The Michigan legislature has passed a series of bills that establish a statewide medical marijuana regulatory system, create a seed-to-sale tracking system and legalize edibles and concentrates.
Medical marijuana has been legal in Michigan since 2008, but following a state Supreme Court ruling in 2013, patients have been required to cultivate their own cannabis or acquire it through a caretaker. Since then, regulations varied by municipality, with some localities permitting dispensaries and others having marijuana businesses open illegally, making it difficult for many patients to get access. That all will soon change, however, thanks to the recent passing of a collection of five bills that establish a statewide regulatory system.
Governor Rick Snyder signed all five bills – House Bills 4209, 4210 and 4827, and Senate Bills 141 and 1014 – into law on September 21. Together, they will establish the Medical Marihuana Facilities Licensing Act to license and regulate the program, create a seed-to-sale marijuana tracking system, and legalize the manufacturing and use of cannabis lotions, oils and brownies. The new laws will take effect 90 days from the day they were signed.
“This new law will help Michiganders of all ages and with varying medical conditions access safe products to relieve their suffering,” Gov. Snyder said. “We can finally implement a solid framework that gives patients a safe source from which to purchase and utilize medical marijuana.”
The Medical Marihuana Facilities Licensing Act is the main attraction of the package of bills. It lays out most of the regulations and establishes five license types, including grower, processor, dispensary, transporter and testing lab. The law doesn’t set a statewide cap on the number of licenses that can be issued, though local governments are allowed to enact caps of their own.

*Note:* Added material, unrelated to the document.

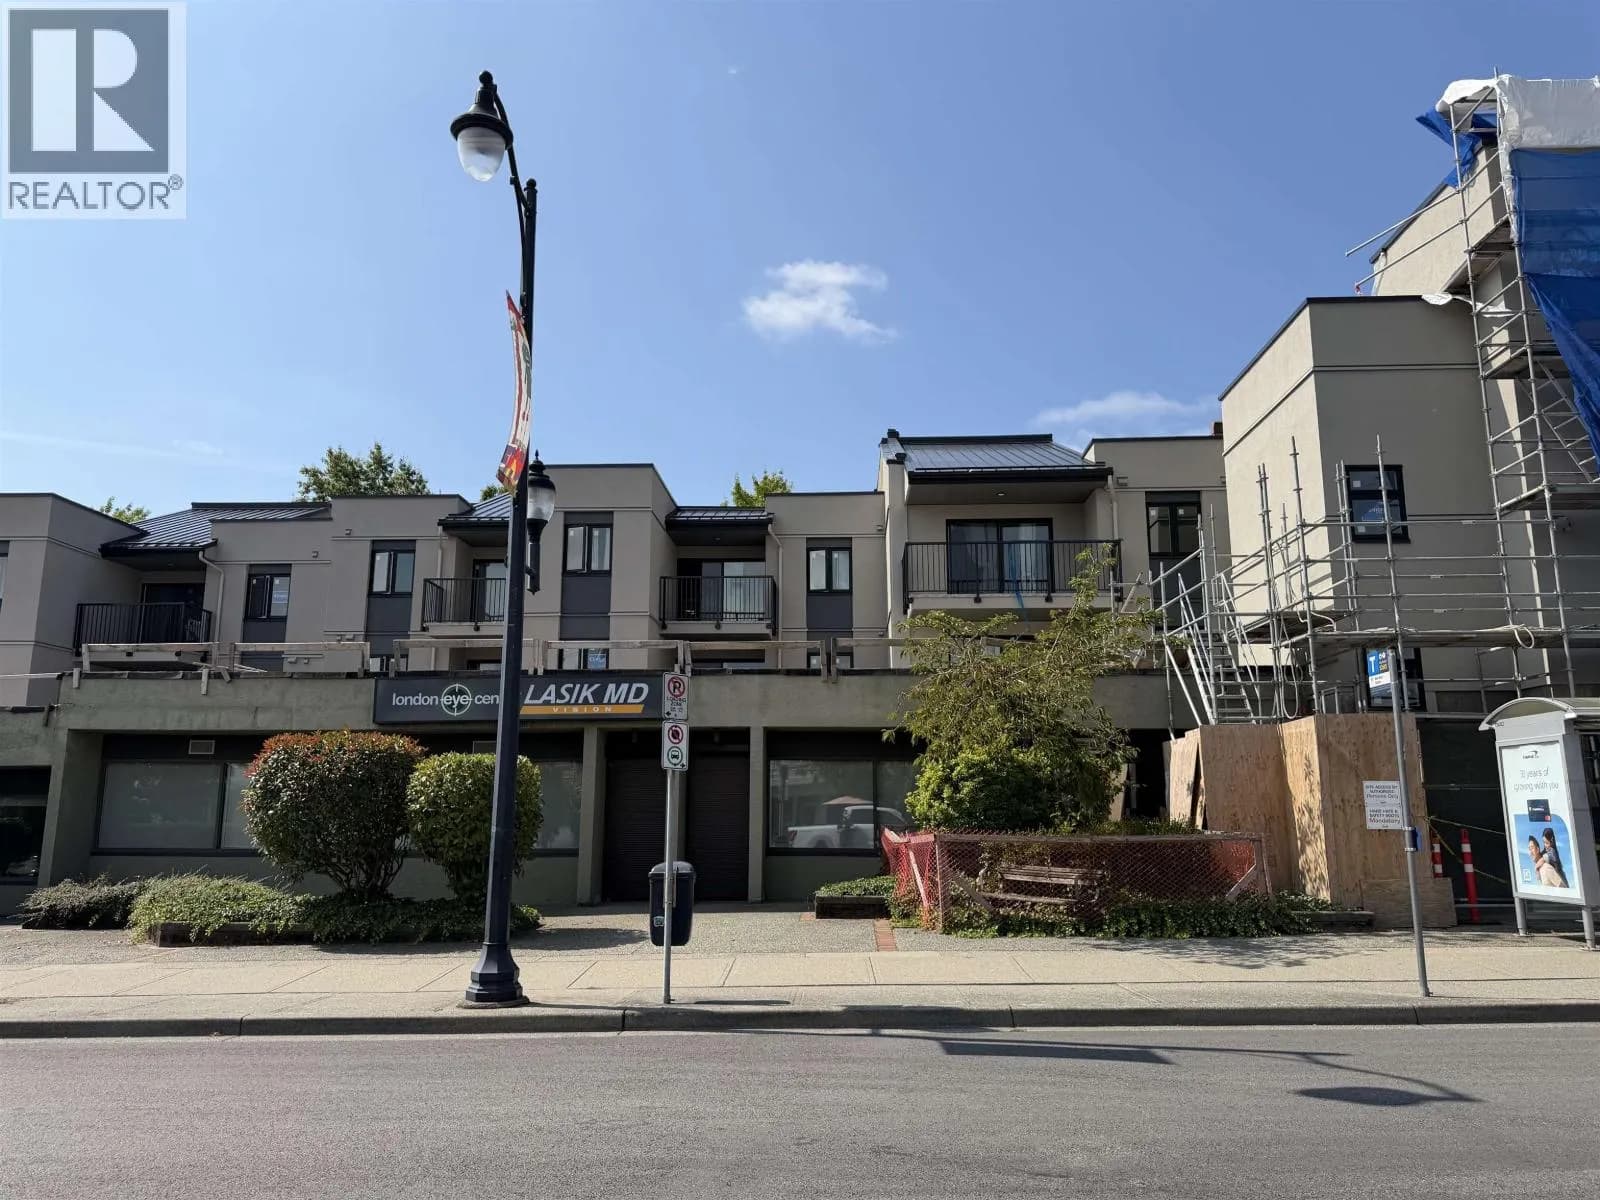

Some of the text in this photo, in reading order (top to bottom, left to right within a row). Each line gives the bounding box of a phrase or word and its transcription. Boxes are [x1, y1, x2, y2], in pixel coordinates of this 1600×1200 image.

[392, 693, 500, 708] london eye cen
[523, 682, 649, 704] LASIK MD

About 213,000 Michigan residents, more than 2 percent of the state’s population, participate in the state’s medical marijuana program, according to ABC 57 News. Previously restricted to marijuana’s “dried leaves and flowers,” with the new law patients will have legal access to cannabis edibles and extracts for the first time.
“These bills are for the patients,” said Rep. Mike Callton, R-Nashville, sponsor of one of the bills. “They will help children with seizure disorders, they will help people with cancer maintain their quality of life.”
Additionally under the new law, a new 3 percent tax on gross receipts will be placed upon medical marijuana dispensaries. Hillsdale College economist Dr. Gary Wolfram has estimated that Michigan will collect about $63 million a year in fees and taxes. A portion of the revenue will go to the police departments in areas with marijuana businesses.
“When we first started approaching public officials and legislators, most of them didn’t want to talk to us about medical marijuana,” Robin Schneider of the National Patients Right Association told the Metro Times. “Many didn’t believe there was medicinal benefit at all. We spent years debating with law enforcement about regulations, the need for transporting security, and seed-to-sale tracking. The two opposite sides had to meet in the middle.”
Michigan has approved medical marijuana for the treatment of Alzheimer’s disease, amyotrophic lateral sclerosis (ALS), cachexia or wasting syndrome, cancer, chronic pain, Crohn’s disease, glaucoma, HIV/AIDS, hepatitis C, nail-patella syndrome, nausea, post-traumatic stress disorder (PTSD), seizures, and severe and persistent muscle spasms.